El arzobispo Roberto Lückert, en una carta abierta publicada esta semana en Facebook, dijo que el hundimiento de un barco que transportaba a inmigrantes venezolanos a Trinidad y Tobago en abril mostró las terribles consecuencias de la trata.

La carta, firmada por Lückert y otro clérigo, instaba a las autoridades a “investigar, seguir, procesar y condenar a los responsables de los delitos de trata de personas”.

Las autoridades locales de la iglesia se reunieron con las familias de los migrantes desaparecidos, según la carta, la mayoría de las cuales “eran mujeres contactadas por personas que les ofrecieron trabajo y mejores condiciones de vida en la isla (de Trinidad y Tobago)”.

Treinta y siete pasajeros estaban a bordo del bote que salió de Venezuela y se hundió el 23 de abril. Los equipos de rescate encontraron nueve sobrevivientes y un cuerpo, mientras que los otros migrantes continúan desaparecidos.

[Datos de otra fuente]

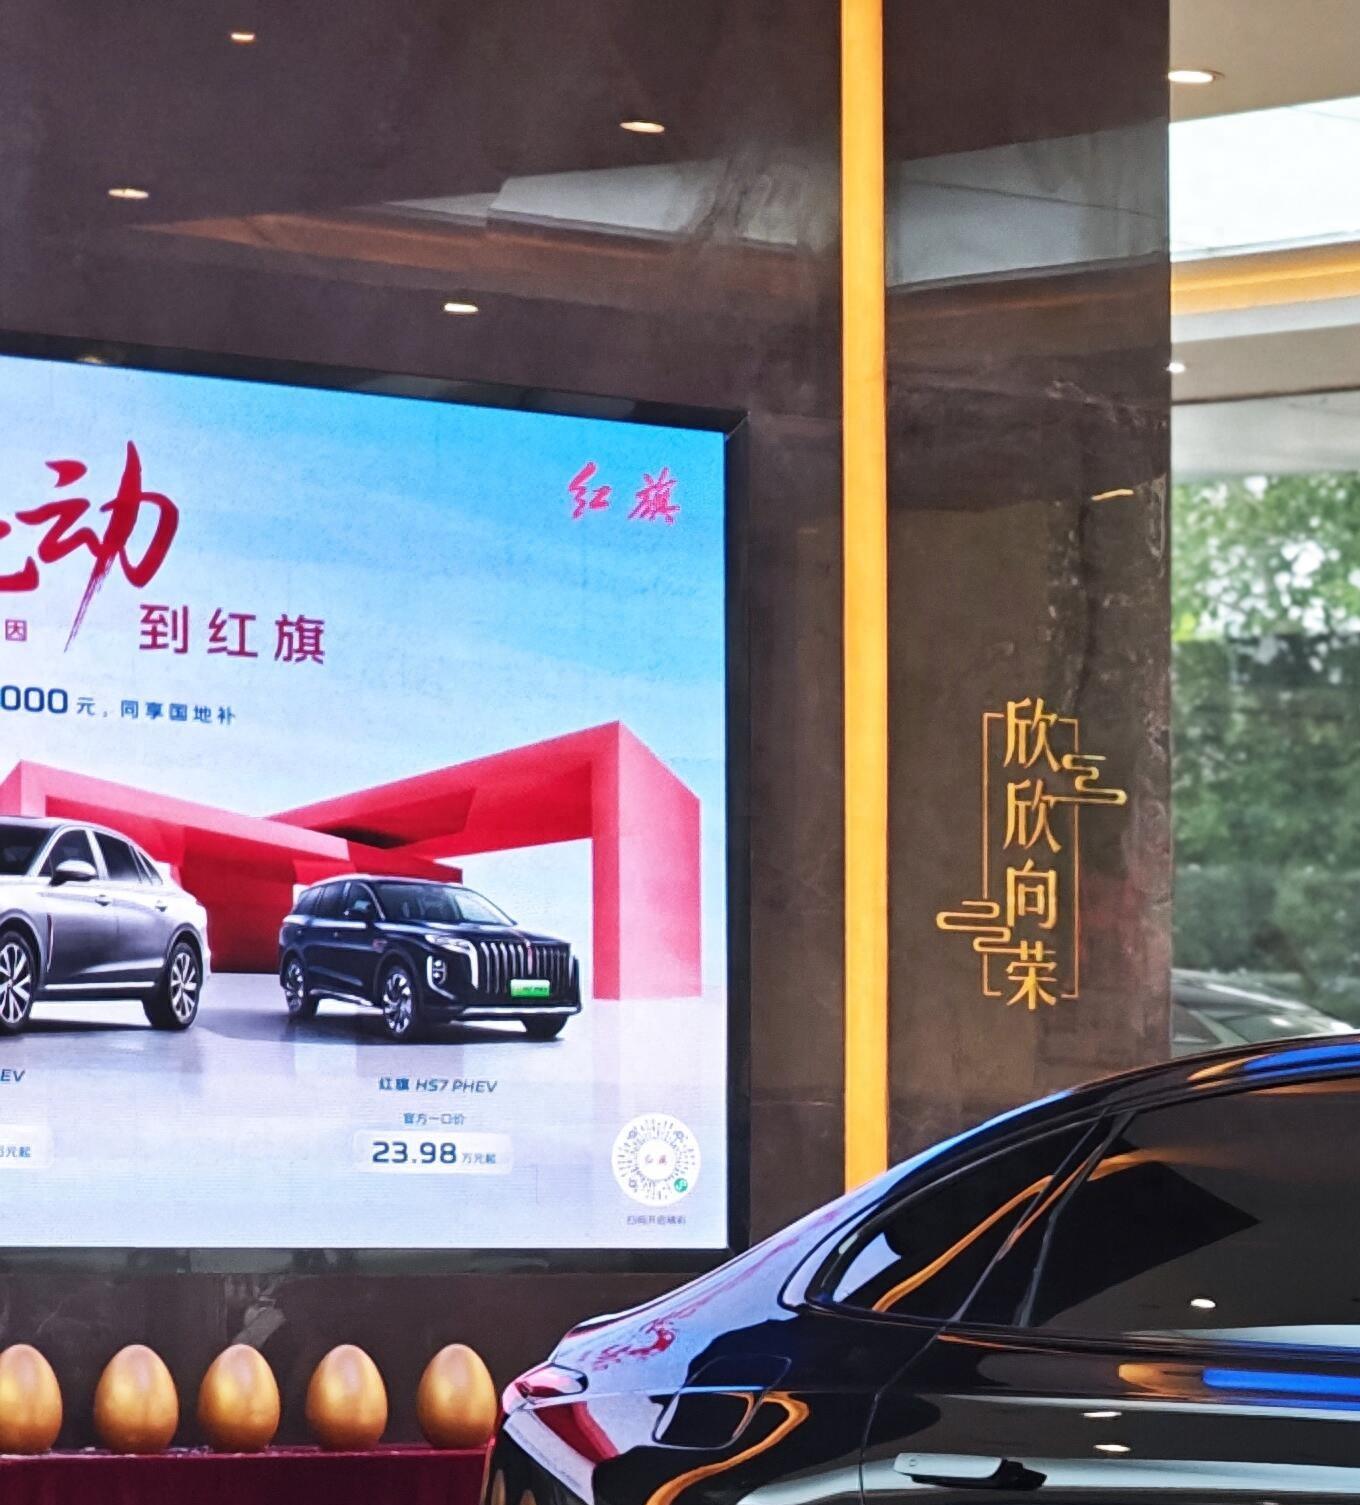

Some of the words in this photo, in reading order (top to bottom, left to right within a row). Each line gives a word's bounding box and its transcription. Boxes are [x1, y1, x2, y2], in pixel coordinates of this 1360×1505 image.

No estaba claro si los pasajeros abandonaron Venezuela voluntariamente o fueron forzados como parte de una operación de tráfico, como sugería la carta del arzobispo.

Medios locales informaron que muchas pasajeras fueron llevadas a trabajar como prostitutas y algunos habían sido engañados sobre el propósito del viaje.

El éxodo masivo de Venezuela hace que los migrantes sean más vulnerables a prácticas como la trata, según expertos.

“Los migrantes se enfrentan a una situación de vulnerabilidad que los convierte en víctimas frágiles de las rutas internacionales de tráfico”, dijo Marcia de Oliveira, socióloga y profesora de la Universidad Federal Roraima de Brasil a la Fundación Thomson Reuters.

Un segundo bote que transportaba a unos 30 pasajeros de Venezuela se hundió el 16 de mayo en la misma región. Sin embargo, no se han encontrado migrantes o restos de personas.

Un pescador que se cree que era su piloto fue rescatado y, según los medios locales, tenía antecedentes penales de trata de mujeres con fines de explotación sexual.

A medida que creció la crisis económica y política en Venezuela, aproximadamente uno de cada 10 venezolanos, unos 4 millones de personas, han huido en los últimos cinco años.

Si bien la mayoría ha viajado a otros lugares de Sudamérica por tierra, un número cada vez mayor está haciendo el traicionero viaje por mar a Trinidad y Tobago.

A nivel mundial, se calcula que unos 25 millones de personas son víctimas del trabajo forzoso, según la Organización Internacional del Trabajo.